Physical Therapy vs. Opioid Pain Killers

It’s no secret that there is a problem in the state of Tennessee with opioid drug abuse. Though the problem will vary from county to county, Tennessee hospital charges for opioid drug poisoning have risen 600% since 2001! It’s not only Tennessee that has the problem. Nationwide, the abuse of opiate medications has reached unprecedented levels. Since 1999, more than 165,000 people have died from opioid pain medication-related overdose. In 2014, more people died of overdose than any previous year. Shockingly, in 2012, healthcare providers wrote 259 million prescriptions for opiate pain medication. That’s enough for every American adult to have a bottle of pills. (source: APTA)

It is reported by the Centers for Disease Control and Prevention (CDC) that as many as 1 in 4 people who receive a prescription for opioids long-term for non-cancer pain will struggle with addiction. As you read this, you are probably able to think of someone you know who is struggling. So what is the answer? How can we avoid becoming addicted to pain medications? The answer is shockingly simple. Avoid taking them in the first place, if possible, and choose physical therapy (PT).

A chart, available for download from the American Physical Therapy Association (APTA) compares choosing physical therapy to choosing opioid pain medication for pain relief. (See below)

The arguments outlined here are fairly convincing. Physical therapy is effective for pain relief, without harmful side effects.

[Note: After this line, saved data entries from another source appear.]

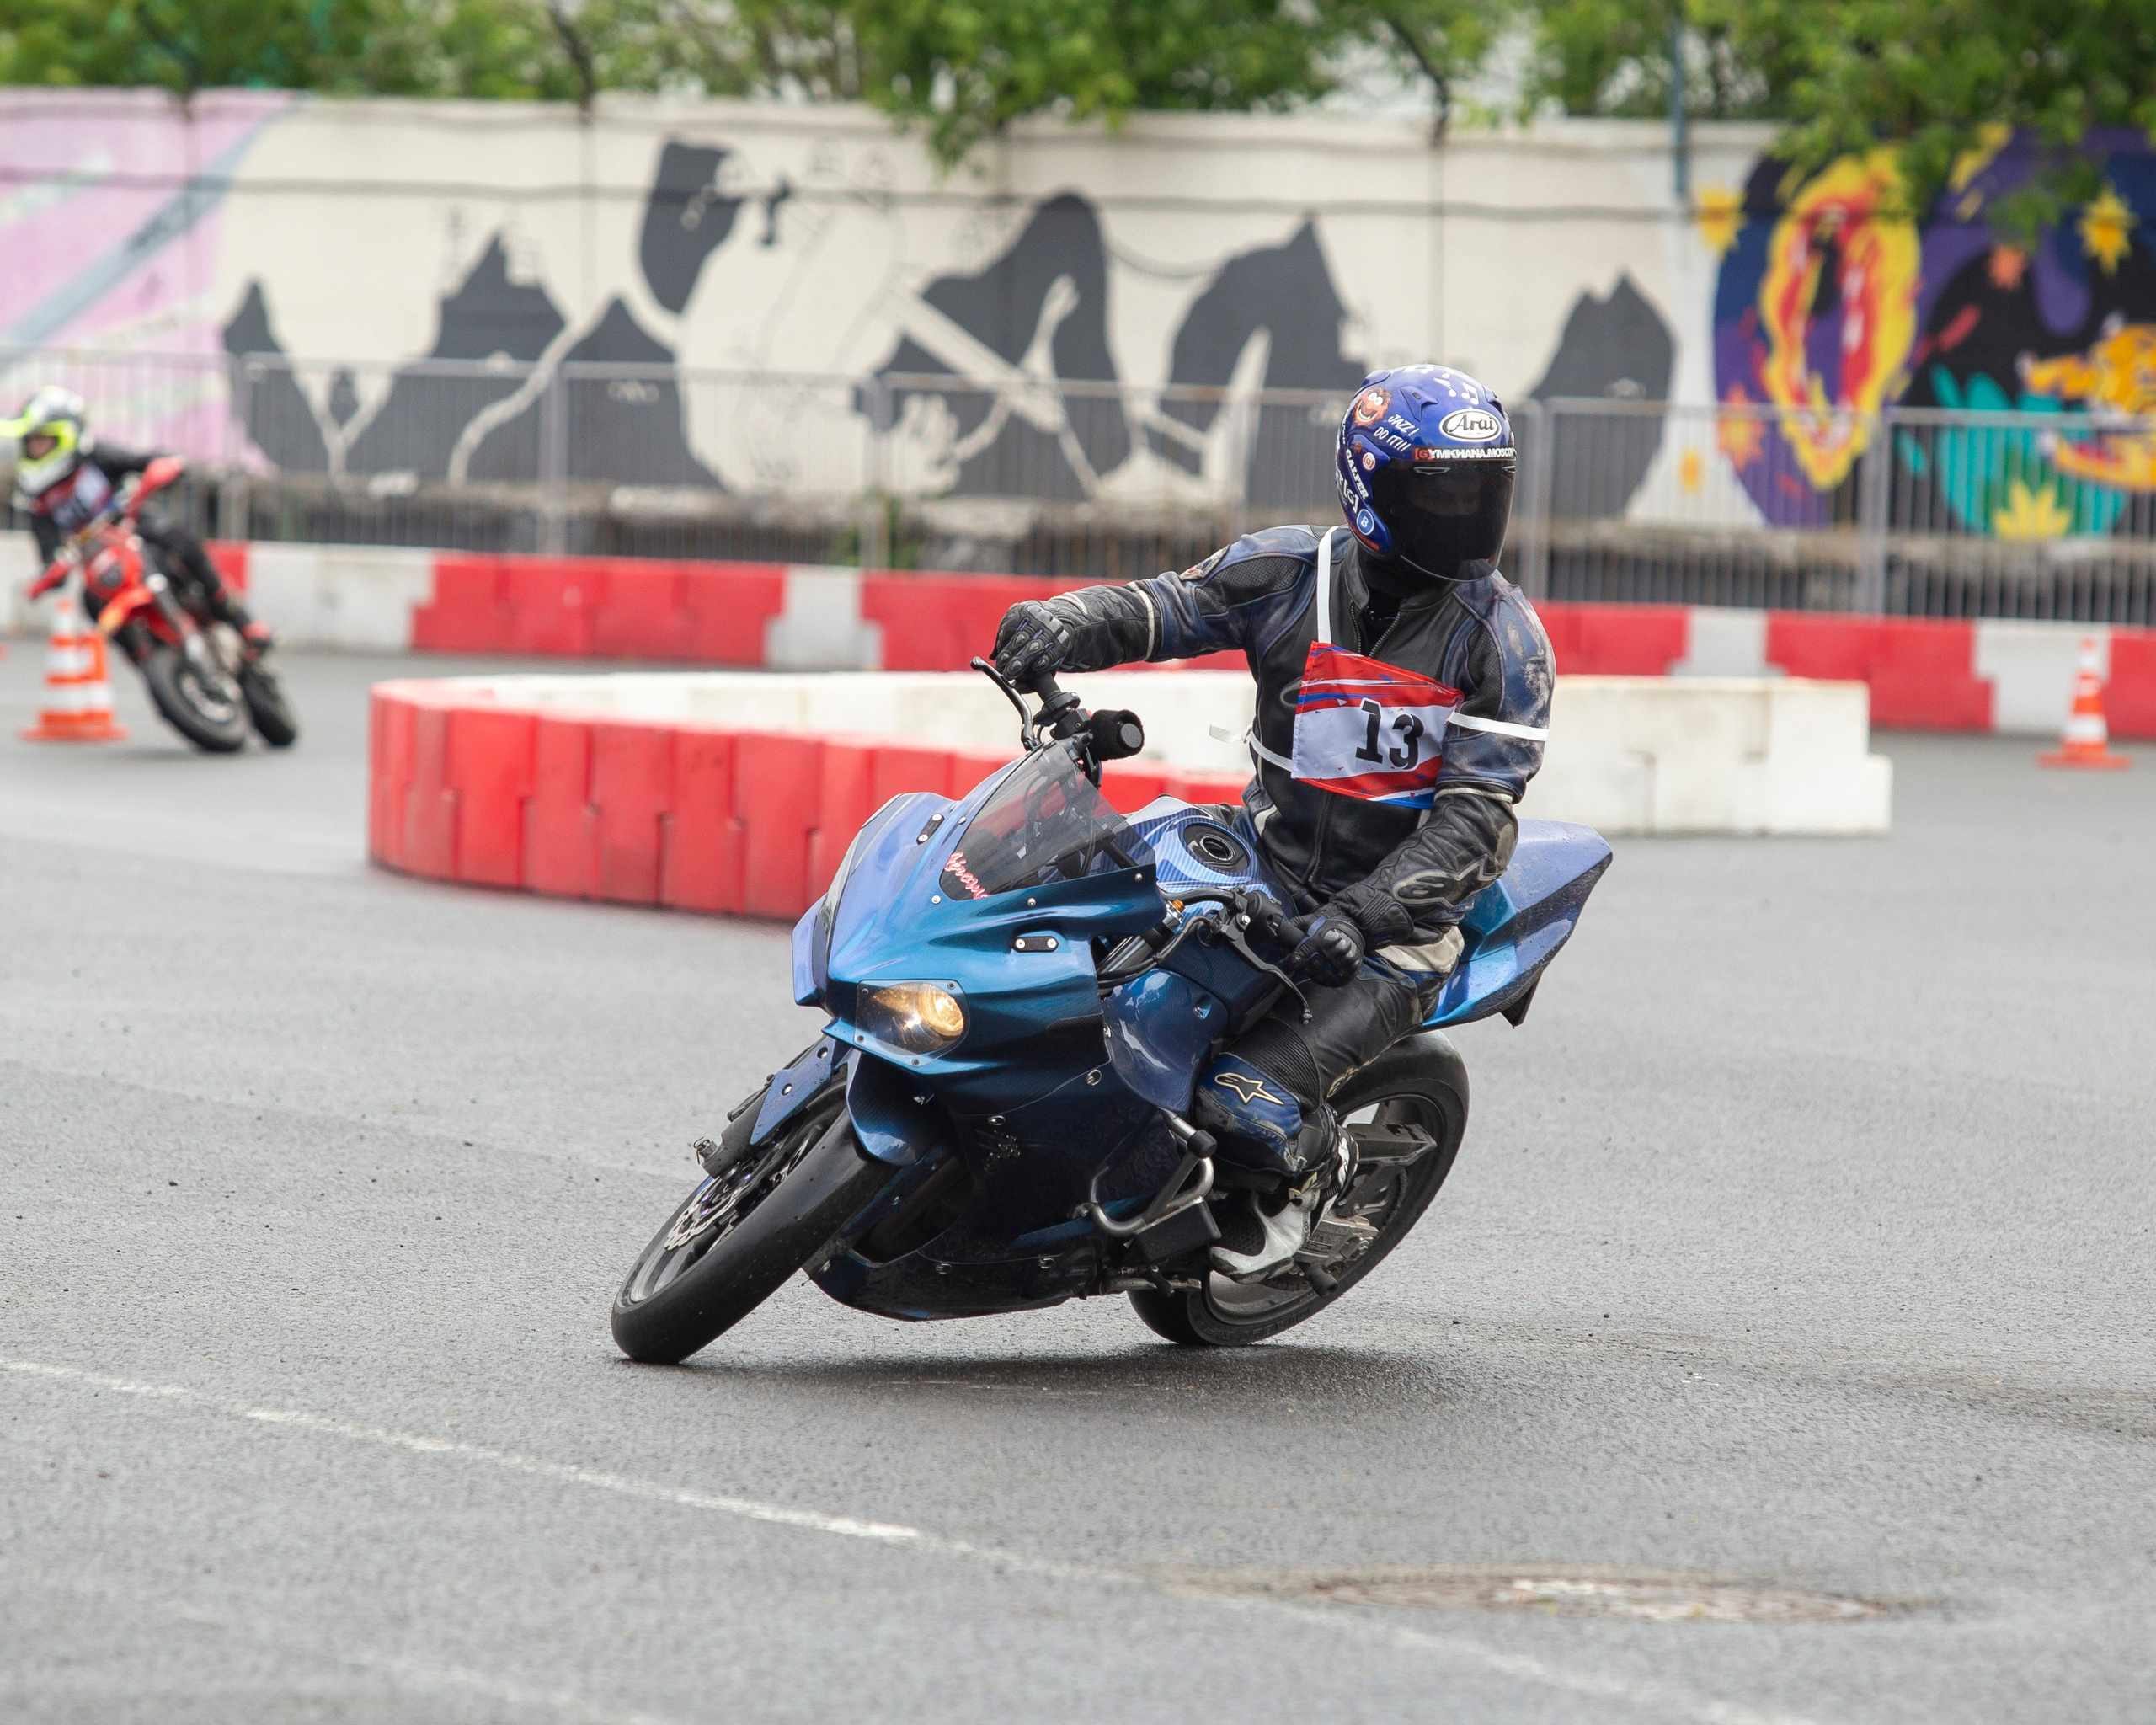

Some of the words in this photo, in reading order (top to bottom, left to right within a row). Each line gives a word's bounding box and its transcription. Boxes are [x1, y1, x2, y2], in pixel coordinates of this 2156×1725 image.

[1374, 426, 1389, 439] DO
[1386, 435, 1412, 452] IT!!!
[1449, 414, 1494, 432] Arai
[1346, 448, 1369, 500] GALFER
[1355, 698, 1425, 770] 13

Highly Skilled in Numerous Interventions
Contrary to popular belief, PT isn’t only for post-operative recovery from surgery, recovery from a stroke, or rehab for other major debilitating events. While we are excellent at helping people recover from those things, we are also highly skilled at applying other interventions that have proven effective for pain relief, such as dry needling, joint mobilization, etc.

Movement Experts
We are movement experts and can often provide you with a personalized plan to help you with whatever is your source of pain. According to research done in 2012 and 2013, PT has even been found to be just as effective as surgery for knee osteoarthritis, meniscal tears, and rotator cuff tears in the shoulder. While surgery could be the answer, it can be often avoided by seeing a physical therapist first.

So, if you are suffering from chronic pain, why don’t you give physical therapy a shot? Treat the source of your pain instead of masking it with medication.